その基本原則には以下のような文面があります。
「人と動物の共生に配慮しつつ、その習性を考慮して適正に取り扱うようにしなければならない。 」
大変難しく深いテーマだと思います。
「人と動物の共生」という形がどのようなものであるのかは、地域や個人の価値観によって多様化しています。「人と動物の共生」については、今は考える段階でしかないと思います。そしてそれをだれもが考える権利を持っていることも事実です。
二つ目の「その習性を考慮して適正に取り扱う」については、実践することが可能です。この実践には「その動物の習性」を正しく理解する必要があります。習性とは、同じ種にみられる行動の特性のことです。
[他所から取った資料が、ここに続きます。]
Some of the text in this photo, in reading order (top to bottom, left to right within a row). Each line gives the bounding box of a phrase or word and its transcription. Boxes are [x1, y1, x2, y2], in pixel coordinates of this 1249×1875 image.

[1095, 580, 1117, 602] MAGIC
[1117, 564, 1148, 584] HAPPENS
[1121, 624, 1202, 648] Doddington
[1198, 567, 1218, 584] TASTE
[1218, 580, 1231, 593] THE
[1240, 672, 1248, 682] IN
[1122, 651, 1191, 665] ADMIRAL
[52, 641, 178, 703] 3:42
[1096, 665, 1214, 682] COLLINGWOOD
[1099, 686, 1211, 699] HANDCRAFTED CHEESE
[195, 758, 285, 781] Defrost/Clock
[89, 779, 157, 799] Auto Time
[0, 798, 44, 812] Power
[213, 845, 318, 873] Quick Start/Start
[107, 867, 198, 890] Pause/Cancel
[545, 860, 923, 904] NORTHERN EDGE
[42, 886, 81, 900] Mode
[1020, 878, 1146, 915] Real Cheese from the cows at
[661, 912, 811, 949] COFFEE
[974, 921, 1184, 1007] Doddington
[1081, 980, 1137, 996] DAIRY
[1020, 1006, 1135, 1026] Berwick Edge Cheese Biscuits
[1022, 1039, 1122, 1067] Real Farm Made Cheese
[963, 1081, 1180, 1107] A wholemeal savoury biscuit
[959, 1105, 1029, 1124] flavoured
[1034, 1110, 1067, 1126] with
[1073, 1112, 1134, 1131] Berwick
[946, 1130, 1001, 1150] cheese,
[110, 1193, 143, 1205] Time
この習性は犬の飼育環境の変化に応じて変わりつつあります。そのため種のもつ行動特性が崩れてきたのではないかと感じることすらあります。種は長い歴史の中で、環境に応じてその行動の特性を変化させてきました。たとえば、文明化された社会に住む人と原野に住む先住民族では、その行動と能力には大きな違いがあります。わたしたちの身近な環境を例にあげると、都市環境に住む犬と、自然の里山で生きる犬とでは違いが出てくるのは当然のことです。
環境を変えると犬の行動にも変化がみられます。人が変化させた環境から影響を受けた犬の行動を、すべて犬の自然な習性とすることについては疑問を持ちます。
「犬の習性とは」「犬の習性を引き出す環境とは」について理解しそれを伝えることも、動物取扱業の大切な仕事のひとつであり、今後も真摯に取り組みたいと思います。